[GIVEN INFORMATION — start]

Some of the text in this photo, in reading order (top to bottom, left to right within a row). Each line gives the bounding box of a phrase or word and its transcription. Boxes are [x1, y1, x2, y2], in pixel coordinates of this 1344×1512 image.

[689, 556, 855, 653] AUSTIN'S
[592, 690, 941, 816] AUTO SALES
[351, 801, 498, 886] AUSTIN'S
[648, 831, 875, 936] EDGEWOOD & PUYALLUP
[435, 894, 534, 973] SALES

[GIVEN INFORMATION — finish]

• PROBLEM: Please give each line above again, word for word.

• ANSWER BELOW:
Some of the text in this photo, in reading order (top to bottom, left to right within a row). Each line gives the bounding box of a phrase or word and its transcription. Boxes are [x1, y1, x2, y2], in pixel coordinates of this 1344×1512 image.

[689, 556, 855, 653] AUSTIN'S
[592, 690, 941, 816] AUTO SALES
[351, 801, 498, 886] AUSTIN'S
[648, 831, 875, 936] EDGEWOOD & PUYALLUP
[435, 894, 534, 973] SALES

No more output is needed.